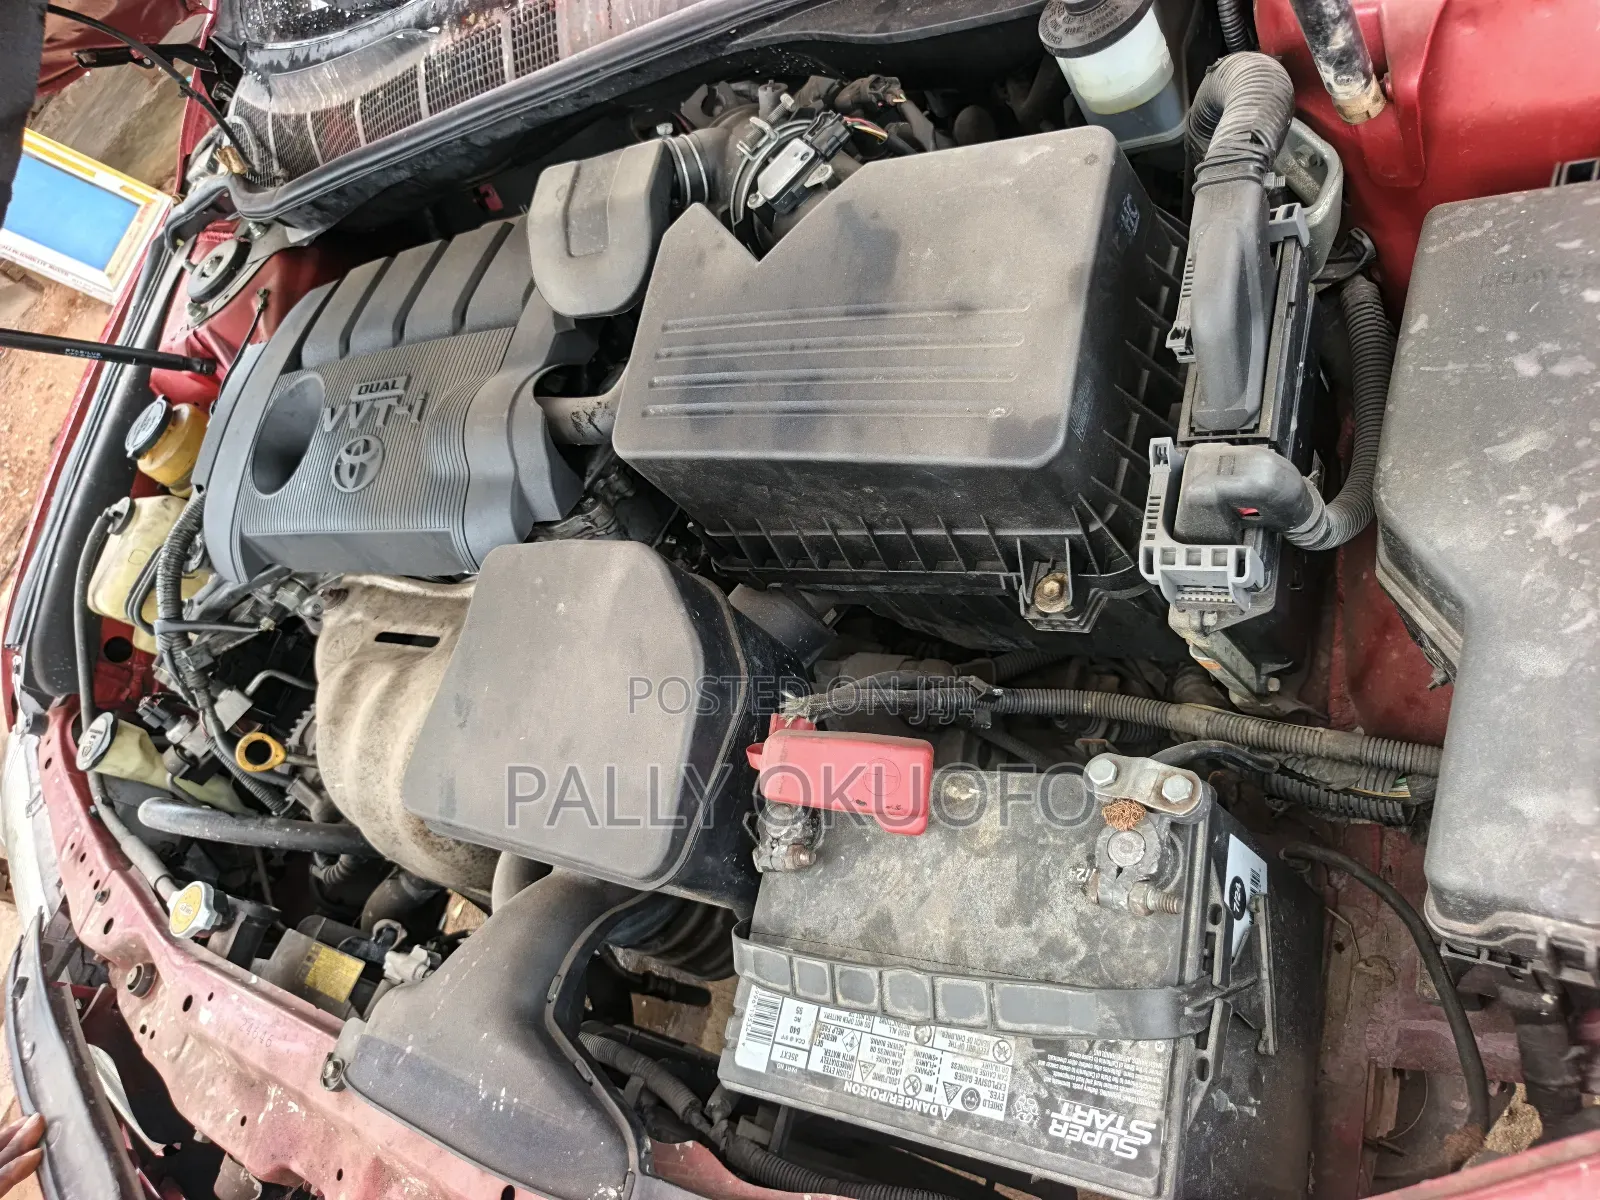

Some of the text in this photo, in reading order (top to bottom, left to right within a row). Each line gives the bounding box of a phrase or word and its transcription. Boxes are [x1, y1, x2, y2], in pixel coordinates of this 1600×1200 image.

[357, 378, 399, 395] DUAL
[788, 1024, 801, 1035] 640
[794, 1036, 805, 1044] CCA
[819, 1055, 854, 1071] IMMEDIATELY
[840, 1052, 855, 1062] WITH
[875, 1054, 891, 1064] CAUSE
[821, 1064, 852, 1078] FLUSH EYES
[885, 1066, 899, 1076] ACID
[924, 1083, 933, 1092] NO
[953, 1071, 1006, 1092] EXPLOSIVE GASES
[842, 1079, 939, 1116] DANGER/POISON
[981, 1098, 1004, 1111] SHIELD
[1050, 1101, 1157, 1146] START
[1049, 1119, 1139, 1160] SUPER
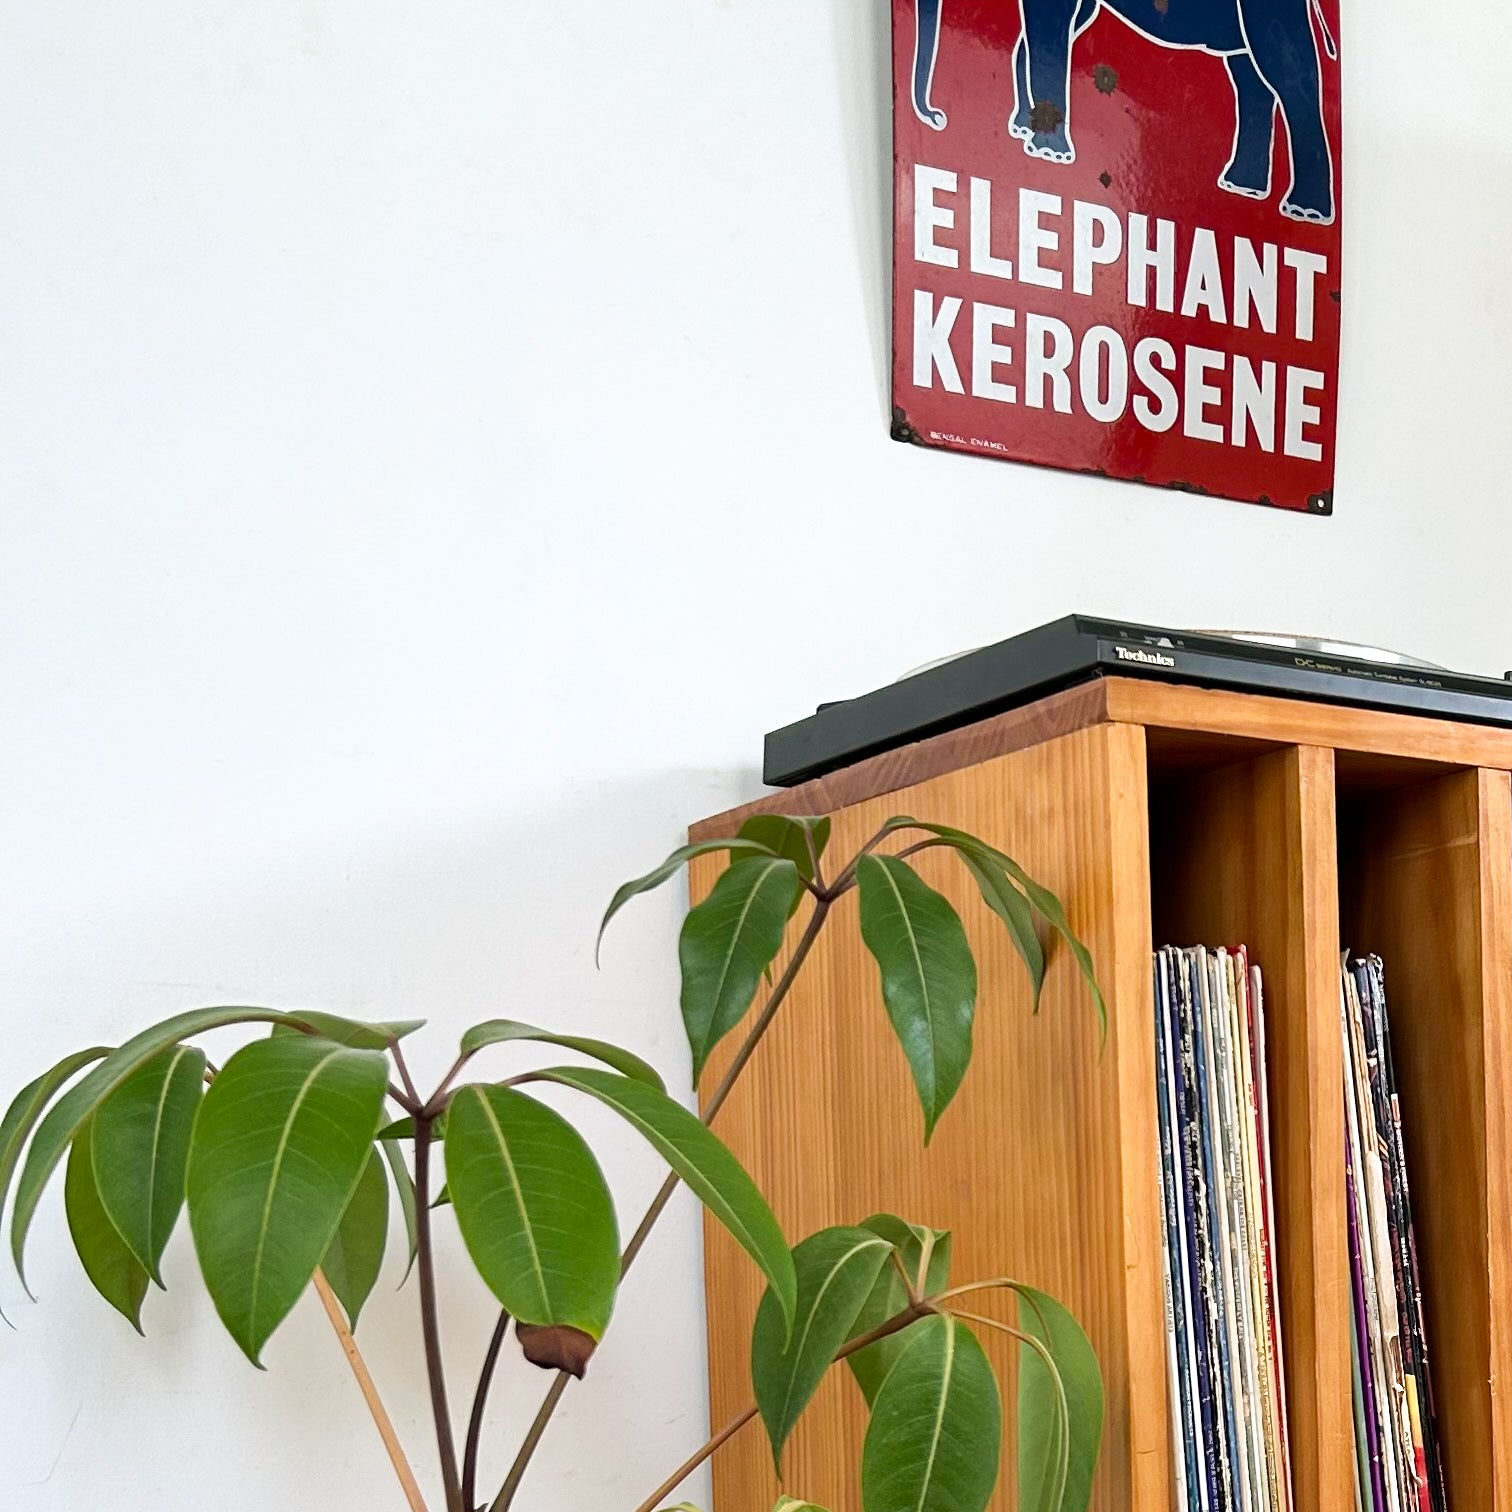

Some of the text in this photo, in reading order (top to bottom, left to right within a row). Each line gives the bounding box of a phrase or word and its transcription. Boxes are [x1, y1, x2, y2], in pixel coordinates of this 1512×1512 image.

[914, 163, 1328, 342] ELEPHANT
[912, 289, 1326, 463] KEROSENE
[1115, 646, 1175, 667] Technics
********************
▶ _Problem requirements_
Without any of the pictures, set the entries down again exactly as written.

▶ _Solved problem_
Some of the text in this photo, in reading order (top to bottom, left to right within a row). Each line gives the bounding box of a phrase or word and its transcription. Boxes are [x1, y1, x2, y2], in pixel coordinates of this 1600×1200 image.

[357, 378, 399, 395] DUAL
[788, 1024, 801, 1035] 640
[794, 1036, 805, 1044] CCA
[819, 1055, 854, 1071] IMMEDIATELY
[840, 1052, 855, 1062] WITH
[875, 1054, 891, 1064] CAUSE
[821, 1064, 852, 1078] FLUSH EYES
[885, 1066, 899, 1076] ACID
[924, 1083, 933, 1092] NO
[953, 1071, 1006, 1092] EXPLOSIVE GASES
[842, 1079, 939, 1116] DANGER/POISON
[981, 1098, 1004, 1111] SHIELD
[1050, 1101, 1157, 1146] START
[1049, 1119, 1139, 1160] SUPER

Some of the text in this photo, in reading order (top to bottom, left to right within a row). Each line gives the bounding box of a phrase or word and its transcription. Boxes are [x1, y1, x2, y2], in pixel coordinates of this 1512×1512 image.

[914, 163, 1328, 342] ELEPHANT
[912, 289, 1326, 463] KEROSENE
[1115, 646, 1175, 667] Technics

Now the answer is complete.